Timestamp Converter

The current Unix epoch time, plus instant two-way conversion between timestamps and human dates. Auto-detects seconds, milliseconds and microseconds — all in your browser.

Current Unix time
Milliseconds 0
Seconds 0

Timestamp → Date

Date → Timestamp

What a Unix timestamp is

A Unix timestamp counts the seconds since the "epoch" — midnight UTC on 1 January 1970. Because it's a single number tied to UTC, it represents the exact same instant no matter where you are, which makes it the lingua franca for storing and exchanging time in code, logs, databases and APIs. Turning that number back into a readable date is where this tool comes in.

How to use it

  1. Read the live clock. The top panel shows the current epoch in both milliseconds and seconds, ticking in real time. Hit Pause to freeze it and copy a stable value.
  2. Timestamp → date. Paste any Unix timestamp and get your local time, UTC, the ISO 8601 string, the weekday and how long ago (or from now) it is. Leave the unit on Auto-detect and it figures out seconds vs. milliseconds from the length.
  3. Date → timestamp. Pick a date and time, choose whether to read it as local time or UTC, and copy the resulting timestamp in seconds or milliseconds.

Seconds vs. milliseconds at a glance

  • Seconds — the classic Unix format. A current value is about 10 digits (e.g. 1717632000). Used by most backend languages and the date command.
  • Milliseconds — what JavaScript's Date.now() returns, about 13 digits. Common in web APIs and front-end code.
  • Microseconds — high-resolution timestamps, about 16 digits, seen in some databases and tracing systems.

Frequently asked questions

What is a Unix timestamp?

A Unix timestamp (also called epoch time) is the number of seconds that have elapsed since 00:00:00 UTC on 1 January 1970, not counting leap seconds. It's a simple, timezone-free way to represent an instant in time, which is why it's used throughout programming, databases and APIs.

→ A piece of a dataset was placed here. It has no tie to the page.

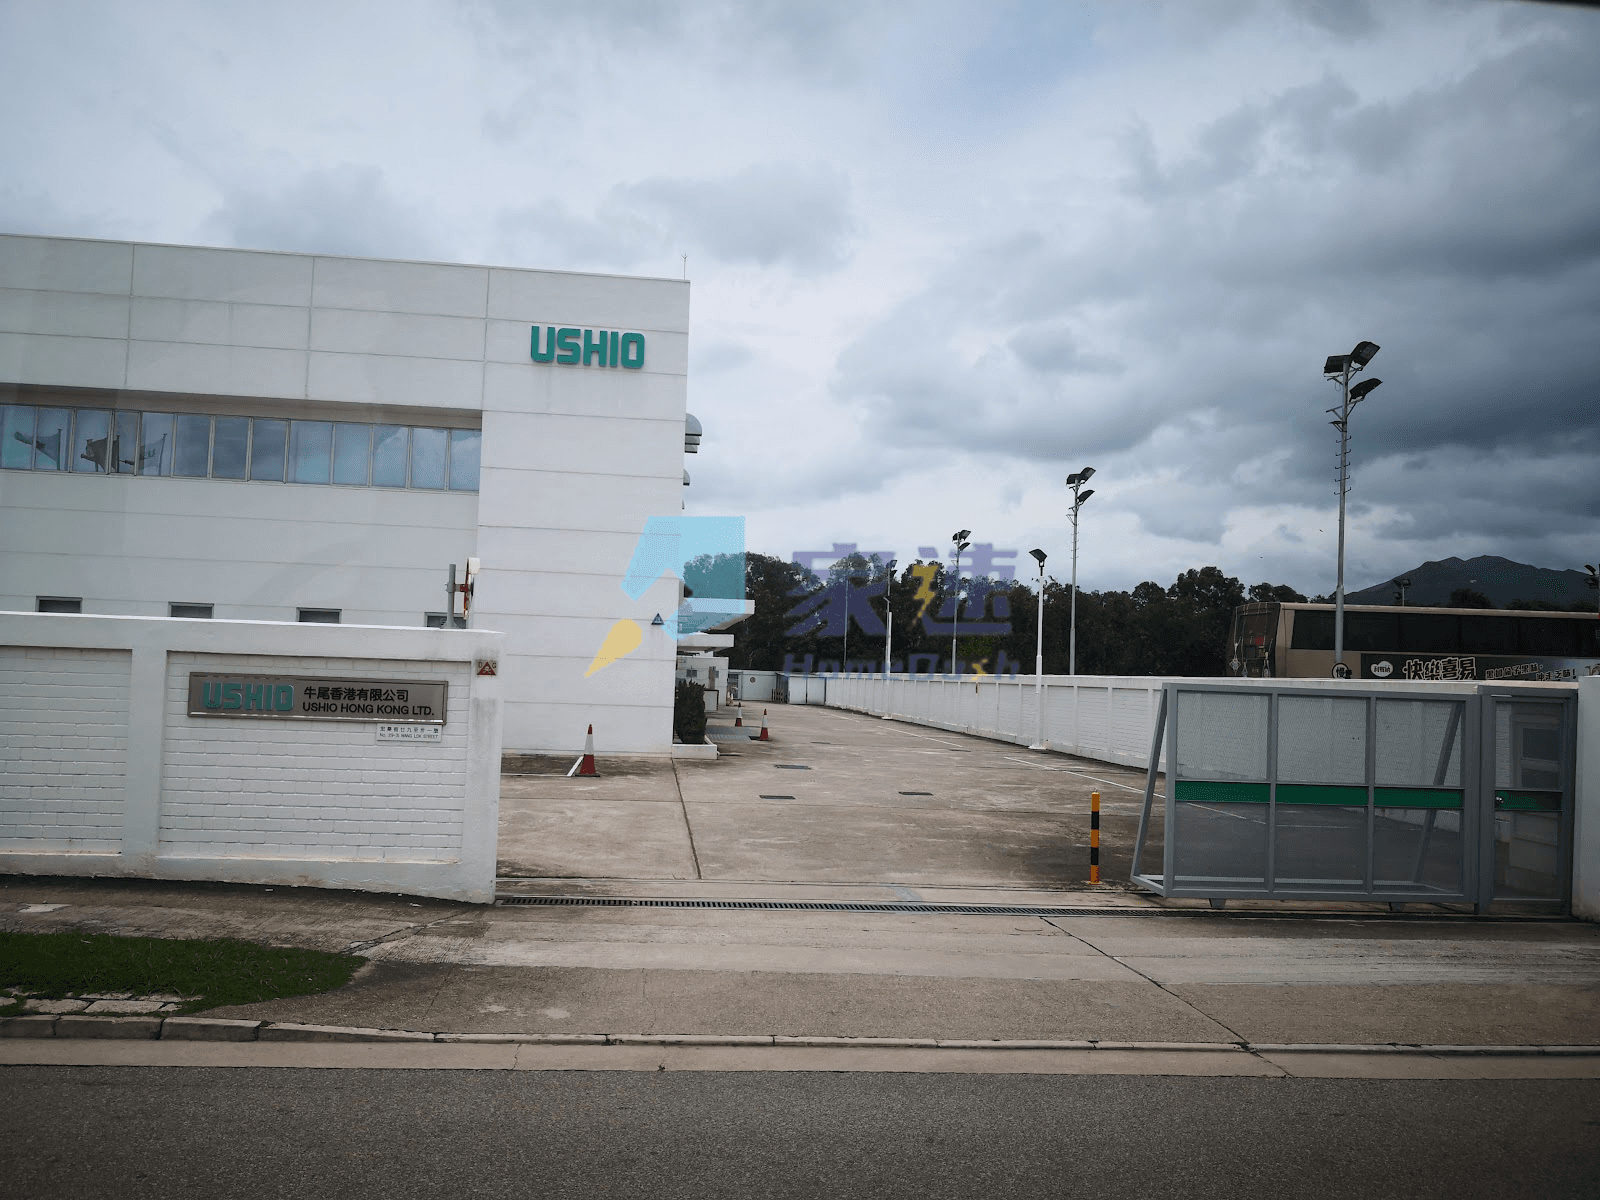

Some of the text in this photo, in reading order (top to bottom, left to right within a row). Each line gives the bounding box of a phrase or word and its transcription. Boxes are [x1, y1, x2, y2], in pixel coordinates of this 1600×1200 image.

Seconds, milliseconds or microseconds?

Unix systems and most APIs use seconds (a 10-digit number today). JavaScript's Date.now() and many web APIs use milliseconds (13 digits). Some high-resolution systems use microseconds (16 digits). This converter can auto-detect the unit from the number's length, or you can pick it explicitly.

Does the timestamp depend on my timezone?

No. A Unix timestamp is the same instant everywhere on Earth — it's always counted from UTC. Your timezone only matters when displaying that instant as a calendar date and clock time, which is why this tool shows both your local time and UTC.

What is the year 2038 problem?

Systems that store the timestamp in a signed 32-bit integer can only count seconds up to 03:14:07 UTC on 19 January 2038, after which the value overflows. Modern systems use 64-bit integers, which push the limit hundreds of billions of years into the future.

Is my data sent anywhere?

No. All conversions happen locally in your browser using JavaScript's Date object. Nothing you type is uploaded or stored on a server.